As of now, the total annual contributions to an ABLE account by all participating individuals, including family and friends, is $14,000. There are other limitations, including maximum amounts that can accrue in an ABLE account and limitations on the amount that is exempted from the resource limits for certain government benefits. For example, the first $100,000 in ABLE accounts would be exempted from the SSI $2,000 individual resource limit, but if the amount in an ABLE account exceeds $100,000, the beneficiary would be suspended from eligibility for SSI benefits and no longer receive that monthly income. However, the beneficiary would continue to be eligible for Medicaid, but states would be able to recoup some expenses through Medicaid upon the death of the beneficiary.
The US Treasury Department, through regulations that are likely in process of being written and that will hopefully be completed in 2015, will publish more details explaining what a “significant” disability is and how to set up and qualify for ABLE accounts. In addition, each state also put its own regulations in place — much as they have done for 529 plans — so that financial institutions can make the new accounts available.

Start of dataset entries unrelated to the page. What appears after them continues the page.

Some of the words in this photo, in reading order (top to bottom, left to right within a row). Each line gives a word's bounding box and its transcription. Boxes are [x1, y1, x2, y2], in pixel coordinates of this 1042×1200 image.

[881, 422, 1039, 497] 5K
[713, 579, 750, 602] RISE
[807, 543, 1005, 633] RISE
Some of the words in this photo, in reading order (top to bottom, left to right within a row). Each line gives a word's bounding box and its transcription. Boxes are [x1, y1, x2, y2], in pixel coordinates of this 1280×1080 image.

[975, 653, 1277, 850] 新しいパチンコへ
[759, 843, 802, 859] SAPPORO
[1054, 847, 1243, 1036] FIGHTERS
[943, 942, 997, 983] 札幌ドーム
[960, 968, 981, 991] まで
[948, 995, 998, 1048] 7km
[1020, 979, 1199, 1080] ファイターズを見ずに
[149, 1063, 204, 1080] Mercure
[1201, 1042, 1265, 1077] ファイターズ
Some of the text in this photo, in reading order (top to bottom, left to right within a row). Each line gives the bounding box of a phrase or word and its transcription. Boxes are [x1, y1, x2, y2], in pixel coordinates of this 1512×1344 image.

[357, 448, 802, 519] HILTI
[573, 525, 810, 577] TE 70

While the addition of the ABLE account will provide more choice and control for the family of a person with disability, the ABLE account will not replace the SNT entirely. The cost of establishing an ABLE account will be considerably less than a Special Needs Trust, because an ABLE account will be able to be opened with a bank or financial advisor (a SNT can be costly to set up, as it generally requires the services of a lawyer). Further, with an ABLE account, account owners will have the ability to control their own funds (rather than having the trustee of a SNT control the funds) and, if circumstances change, the account owner will still have other options available to them. However, the ABLE account can only be opened by someone with a “significant” disability (to be defined in regulations) and, because of the likely monetary and qualification limitations that will be imposed on ABLE accounts, a SNT may be more advantageous for some families. Determining which option is the best for any family or person will depend upon individual circumstances.
* “Special Needs” in this article refers to a condition or disability that will likely prevent a person from supporting himself or herself fully.